The third part matters. A citation is not proof by itself. It is an inspection path.
Why bare answers are not enough
Fluent answers can be wrong, incomplete, or overconfident. In research workflows, the cost of a wrong claim can be high: a literature review can misrepresent a paper, a business analysis can cite the wrong evidence, or a student can build an argument on a weak source.
That is why Atlas emphasizes cited answers, source jumps, and source-backed workflows.
What verification means
Verification means checking:
- whether the cited source is the right source
- whether the cited passage supports the exact claim
- whether nearby context changes the meaning
- whether the answer omits caveats
- whether another source disagrees
- whether the answer uses stronger language than the evidence allows.
The more important the output, the more carefully you should verify.

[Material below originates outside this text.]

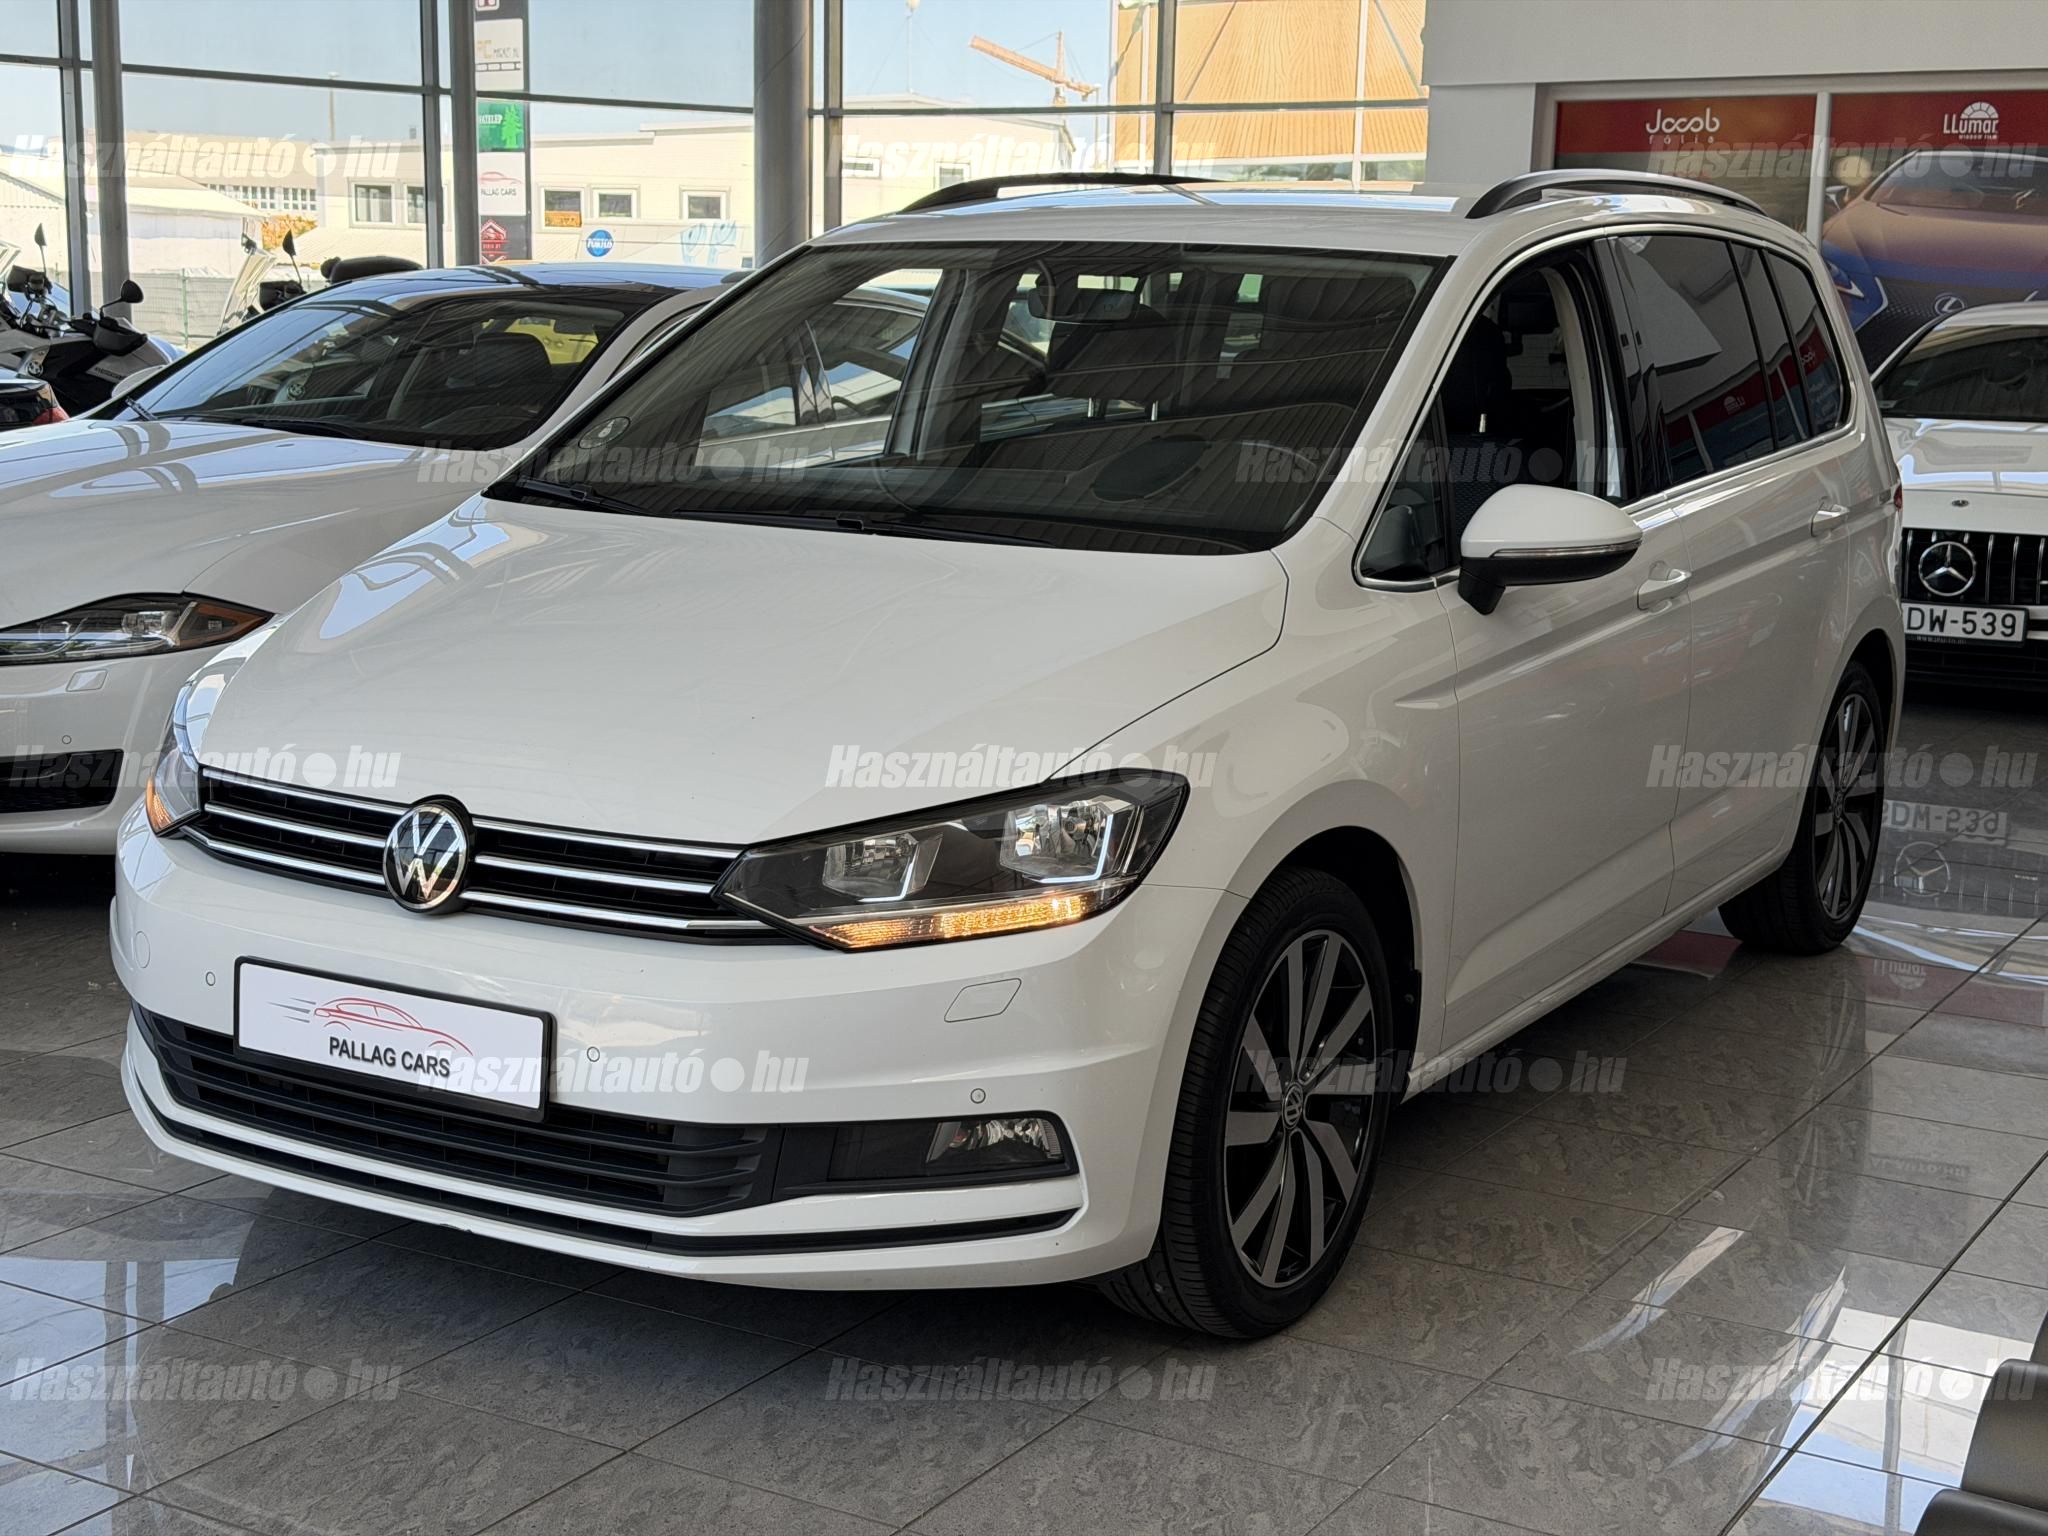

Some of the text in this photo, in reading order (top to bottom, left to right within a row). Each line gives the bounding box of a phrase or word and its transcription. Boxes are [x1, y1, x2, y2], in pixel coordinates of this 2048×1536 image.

[1943, 113, 1999, 134] LLumar
[1906, 606, 2017, 638] DW-539
[329, 1036, 451, 1078] PALLAG CARS

What Atlas should make easier
Atlas should reduce the cost of checking. The product should keep citations close to claims, make source jumps easy, preserve project context, and let users move between answer, source, note, and map without losing the evidence trail.
Refusal is part of trust
A trustworthy research system should sometimes say that the evidence is insufficient. Refusal or uncertainty is not a failure when the project genuinely lacks support for a claim.
Practical stance
Use AI output as a navigation and synthesis aid. Use the cited source as the authority. If the two disagree, trust the source and revise the AI output.